Jurek Becker etiketine sahip kayıtlar gösteriliyor. Tüm kayıtları göster
Jurek Becker etiketine sahip kayıtlar gösteriliyor. Tüm kayıtları göster

20 Nisan 2020 Pazartesi

Yazarlık endişeleri, yazarlık korkuları

İçinde yaşadığımız bu günler, keskin bir virajda olduğumuzu idrak etmemizi sağlar mı bilinmez... Okura sunulan Dikkat Yazar Var adlı demir leblebi eserle tanışmamız korona günlerine tevafuk etti. Bu tevafuktan mülhem yazar Jurek Becker’in, yıllar evvelinden işaret ettiği ve bugün içinde olduğumuz travmanın sebebi olarak gösterdiği insan dramı ile başlayalım: “Bizden sonra kimsenin gelmeyeceğini düşünmek”!

Kitap, global olarak da marka olmuş Alman yazarların okuyucu ile buluşma üssü olan Goethe Üniversitesi’ndeki üç konuşmadan derlenmekte. Birçok marka yazarı konuk eden kürsü, Çağdaş Alman edebiyatının canının yongası Frankfurt Dersleri’nde bu kez Jurek Becker’i ağırlamakta. 1989 yılında gerçekleşen işte bu konuşmalar, felsefe çevirilerinin filozof çevirmeni Ahmet Sarı ve Şehbander Çoraklı tarafından bir kez daha Türkçeye kazandırıldı. Ketebe Yayınları’nın Ex-libris serisi olarak başlattığı kitaplardan biri olarak masamıza ve hayatımıza lütfetti.

Becker, 1937’de Polonya’da doğar ve çocukluğu toplama kamplarında geçer. Liseden sonra felsefe eğitimi görür ki bu meselelere evrensel yaklaşmaktaki becerisini açıklamaktadır. 1960’tan 1977’ye kadar Doğu Berlin’de serbest yazar olarak yaşar. Birkaç farklı ülke üniversitesinde fahri profesörlük yaparak geçirdiği yılların ardından 1989’da Frankfurt Goethe Üniversitesi’nde şiir dalında doçentlik alır.
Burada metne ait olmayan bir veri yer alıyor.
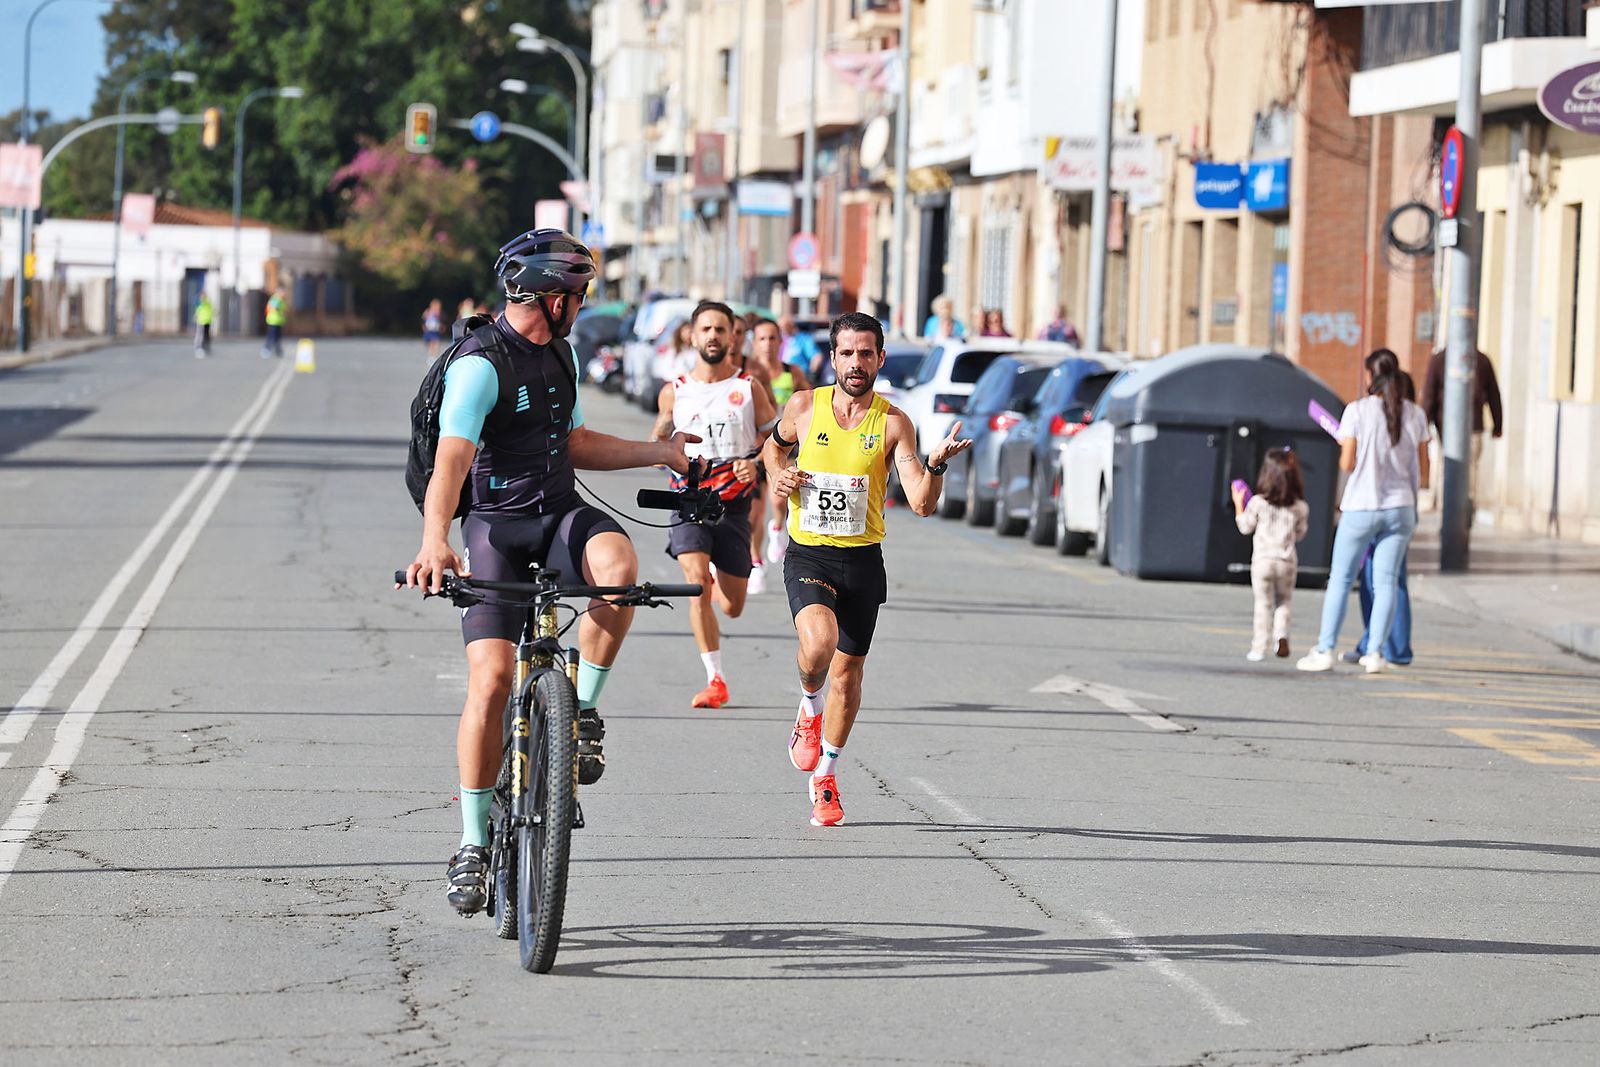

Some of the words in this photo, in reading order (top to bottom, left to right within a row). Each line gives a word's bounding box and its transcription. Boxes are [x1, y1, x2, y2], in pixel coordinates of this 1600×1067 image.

[706, 422, 725, 438] 17
[850, 477, 864, 488] 2K
[817, 490, 847, 511] 53
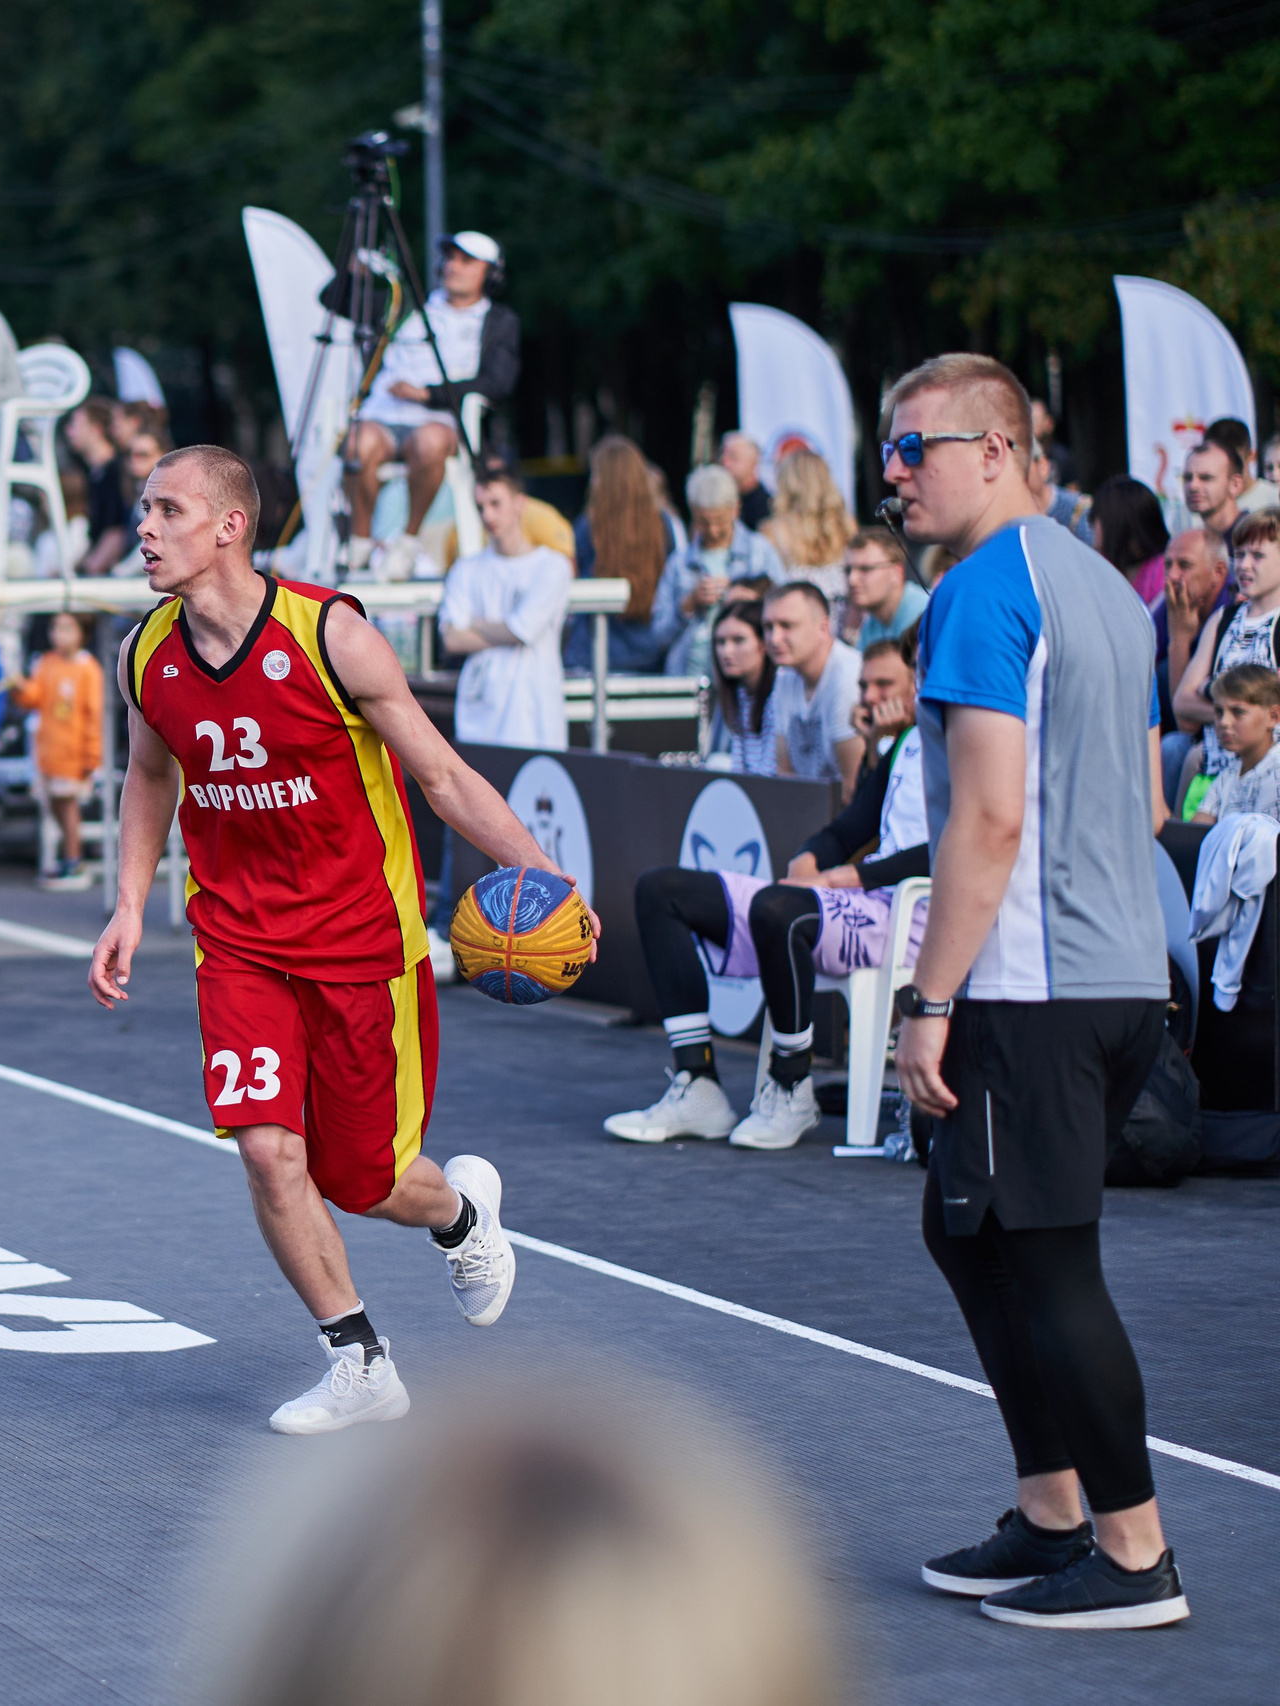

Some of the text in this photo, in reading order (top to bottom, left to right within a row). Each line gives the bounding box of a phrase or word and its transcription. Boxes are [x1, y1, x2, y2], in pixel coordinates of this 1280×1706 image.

[195, 716, 268, 771] 23
[188, 776, 318, 811] ВОРОНЕЖ
[210, 1046, 281, 1106] 23
Dikkat Yazar Var, edebiyatın sadece okur için olan gerçek veya olası sonuçlarından değil yazar için de olası sonuçlarından bahseder. Yazarın karşılaştığı ve toplumun kendisine dikte ettiği sansürü yazarken hem etkileyici hem de çoğumuzun üzerine düşündüğü yazarlık endişelerinden bahseder. Ben hürriyet yazıyorum kendi gökyüzümden ama senin gökyüzünde kuşlar parmaklıklar ardındaysa retorik bir saçmalıktan başka ne kalır ki aklında... Bu endişelerle yazdıklarının aslında sadece kendi evreninde anlamlı kalabildiği korkusunu, hangi yazar edinmedi ki? Ya da hangi gerçek yazar edinmedi ki?

Kuralları zedeleyen; dili, içerisinde ne var acaba diye hunharca hırpalayan yazarlardan çok hoşlanan Becker, bir marangoza insanın duyduğu ihtiyacın efektif olarak yazara duyulmamasının altındaki sebebi, yazarların yazma sebeplerinin kişiselliğine de bağlıyor. Haklı olması üzerinde daha yüksek bir oranla ihtimal verirsek, hoşa gitmek veya farklı olmaktan daha fazla derinliği olanlar bugün edebiyatta Dostoyevski oldular. Becker bu kaliteyi, “söyleyecekleri olmak”, söylemeden ölmek istememek üzerine toparlıyor denilebilir.

Yine de anlatısında buram buram endişe okunur. Getto’dan çıkan korkunun, hayatı boyunca, Frankfurt Dersleri’nin konuşmacısı olduğunda dahi peşini bırakmadığının hissedildiğini üzülerek de olsa söylemek zorundayız. Bu yüzden Becker’in bu üç metni, yukarıda bahsettiğimiz bütün içerikleri taşısa da Nazi Almanyası’nda yaşanan dehşetin ve acının hikâyesini farklı bir boyutta anlatır satır aralarında. O dönem, Becker’in kendi tabiriyle aşağılanarak yaşamak veya aşağılanarak ölmek arasında seçim yapma özgürlüğünden başka özgürlük barındırmamıştır.